Şeyh Muhammed Raşit Efendi iri, görkemli endamıyla , üstündeki deve tüyü abasıyla göründü öteden. Yanındakilerle bize doğru geliyordu . Gül bahçesine girdi. Güller arasında bir iki adım attı. Abdülgani bana baktı. Merak etme baban koparacak dedim fısıltı halinde. Ve Şeyhefendi döndü geriye ve kopardı dediklerimi; ilerledi bizlere doğru yürüyerek. Açılmış olanlardan birini önce Mustafa Yazgan’a; diğerini Ahmet Apaydın’na ve diğer tomurcuğu da bana verdi. Ben ; Abdülgani’ye : “ Gördün mü kerameti ?” deyince ; o zamana kadar hiç konuşmayan ,sakin sakin oturan ve bizi dinleyen müftü emeklisi Ahmet hoca efendi: “ Babası Şeyh ama , keramet sizde ! “ demesin mi yekten. Abdülgani şok oldu.
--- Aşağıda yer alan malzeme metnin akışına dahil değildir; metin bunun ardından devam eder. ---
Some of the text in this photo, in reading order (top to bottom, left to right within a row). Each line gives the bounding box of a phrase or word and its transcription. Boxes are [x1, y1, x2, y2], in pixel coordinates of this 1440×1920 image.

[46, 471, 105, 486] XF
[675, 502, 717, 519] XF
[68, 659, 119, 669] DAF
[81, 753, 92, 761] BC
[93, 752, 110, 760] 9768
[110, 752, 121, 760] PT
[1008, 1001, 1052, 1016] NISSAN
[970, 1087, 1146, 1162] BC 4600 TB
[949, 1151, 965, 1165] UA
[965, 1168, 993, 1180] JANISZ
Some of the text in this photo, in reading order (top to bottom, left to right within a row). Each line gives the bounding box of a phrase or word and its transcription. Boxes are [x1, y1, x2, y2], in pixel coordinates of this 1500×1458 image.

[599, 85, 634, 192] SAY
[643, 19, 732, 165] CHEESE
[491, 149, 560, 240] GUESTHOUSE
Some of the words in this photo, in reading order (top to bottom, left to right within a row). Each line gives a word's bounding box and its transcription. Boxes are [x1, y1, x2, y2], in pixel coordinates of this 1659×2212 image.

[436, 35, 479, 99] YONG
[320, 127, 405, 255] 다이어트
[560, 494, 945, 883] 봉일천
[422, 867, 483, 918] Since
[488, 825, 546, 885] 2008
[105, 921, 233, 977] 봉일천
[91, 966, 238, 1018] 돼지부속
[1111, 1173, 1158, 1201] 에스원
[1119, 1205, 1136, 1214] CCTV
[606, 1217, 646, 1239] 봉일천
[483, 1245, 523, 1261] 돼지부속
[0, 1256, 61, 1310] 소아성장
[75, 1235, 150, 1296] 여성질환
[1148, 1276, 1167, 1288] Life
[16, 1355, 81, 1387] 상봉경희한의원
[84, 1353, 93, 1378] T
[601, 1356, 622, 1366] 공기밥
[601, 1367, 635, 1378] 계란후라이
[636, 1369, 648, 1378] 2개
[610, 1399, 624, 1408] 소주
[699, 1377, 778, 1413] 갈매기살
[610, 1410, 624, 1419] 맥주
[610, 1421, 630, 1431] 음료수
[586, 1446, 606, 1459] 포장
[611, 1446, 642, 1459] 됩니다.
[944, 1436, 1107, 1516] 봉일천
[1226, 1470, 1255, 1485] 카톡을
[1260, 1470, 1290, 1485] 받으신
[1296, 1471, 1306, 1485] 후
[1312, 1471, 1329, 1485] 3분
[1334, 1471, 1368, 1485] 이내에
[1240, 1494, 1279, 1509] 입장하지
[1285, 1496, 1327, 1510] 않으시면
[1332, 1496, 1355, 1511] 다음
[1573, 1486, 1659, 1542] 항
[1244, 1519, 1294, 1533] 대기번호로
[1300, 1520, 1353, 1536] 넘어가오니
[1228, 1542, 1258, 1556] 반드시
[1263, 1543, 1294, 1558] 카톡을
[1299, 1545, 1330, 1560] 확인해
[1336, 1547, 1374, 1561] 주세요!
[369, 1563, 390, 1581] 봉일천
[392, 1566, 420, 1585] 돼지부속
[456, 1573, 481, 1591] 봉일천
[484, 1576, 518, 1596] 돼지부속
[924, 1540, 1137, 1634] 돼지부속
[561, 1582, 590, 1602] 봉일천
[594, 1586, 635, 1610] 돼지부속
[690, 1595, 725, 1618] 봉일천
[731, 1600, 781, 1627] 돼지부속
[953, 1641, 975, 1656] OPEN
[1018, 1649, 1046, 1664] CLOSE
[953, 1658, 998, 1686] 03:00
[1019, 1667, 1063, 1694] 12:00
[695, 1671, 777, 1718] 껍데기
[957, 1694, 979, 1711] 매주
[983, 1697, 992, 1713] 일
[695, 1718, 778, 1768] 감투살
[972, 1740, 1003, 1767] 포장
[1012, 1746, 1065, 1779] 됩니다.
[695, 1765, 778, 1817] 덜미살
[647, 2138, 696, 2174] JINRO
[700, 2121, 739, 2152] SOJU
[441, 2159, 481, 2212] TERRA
Şeyhefendi bizleri hoş karşılayıp, tatlı sohbetten sonra : “ Tabii ki reyleri size verecekler!” dedi gönül rahatlığıyla.
Ahmet Apaydın sadece bir il başkanım değil o , aynı zamanda bizim Harran Kültür ve Folklor Dergimizin sahibi idi. Harran Üniversitesi Kurma Derneğimizin faal üyesi ve Leblebicilik ila Şekercilik mesleğinin en güzel numunesini o güzel dükkanında sergilerdi. Onun dükkanı bir sohbet yeri idi. Arkada kaynardı cezve içinde onun acı kahvesi. Ve ikram edilirdi gelen yaranlarına. Onun bu dükkanı Ankara ve İstanbul’da bile az bulunurdu. O, titiz , işine sadık ve dili tatlı biri idi. O ,tek el ile iyi çiğköfte yapardı Mahmut Yaşar Uğur , Şevki Hafız ve Halil Soran gibi. O, güzel bir aile babası idi. Ona çok misafir olduk sıra gecelerinde. O, misafirperver , cömert ve tam bir gönül adamı idi. Urfa kültürüne ; sahibi olduğu Harran Dergisiyle bizler yazı heyeti olarak Adil Saraç, Mehmet Oymak, Mehmet Emin Ergin , Mehmet Atilla Maraş ve İbrahim Halil Çelik senelerce edebiyata ve sanata hizmet verdik. Aziz dostum Mahmur Apaydın da benim için ayrı bir dünyadır. O der ki :
” Ya saatlerini ver kitap oku,
Ya da senelerini ver kitap yaz!”
Ölüm bu yıl çok dostumuzu aldı elimizden. Yakında aziz dostum Müslüm Çiftçi (çotari) ‘yi , kardeşim Müslüm Tüysüz’ü, dostum kardeşim İzzet Olgun’n , Zübeyir Yetik ağabeyimi, Naci İpek dostumu, Abdülkadir Rızvanoğlu ağabeyimi ve şimdi de siyasetin devi; koca il başkanı Ahmet Apaydın ağabeyimizi aldı elimizden. Kaçtı ağzımızın tadı ,günümüz döndü geceye . Rabbim çocuklarından razı olsun. Selam olsun bizden önce gidenlere.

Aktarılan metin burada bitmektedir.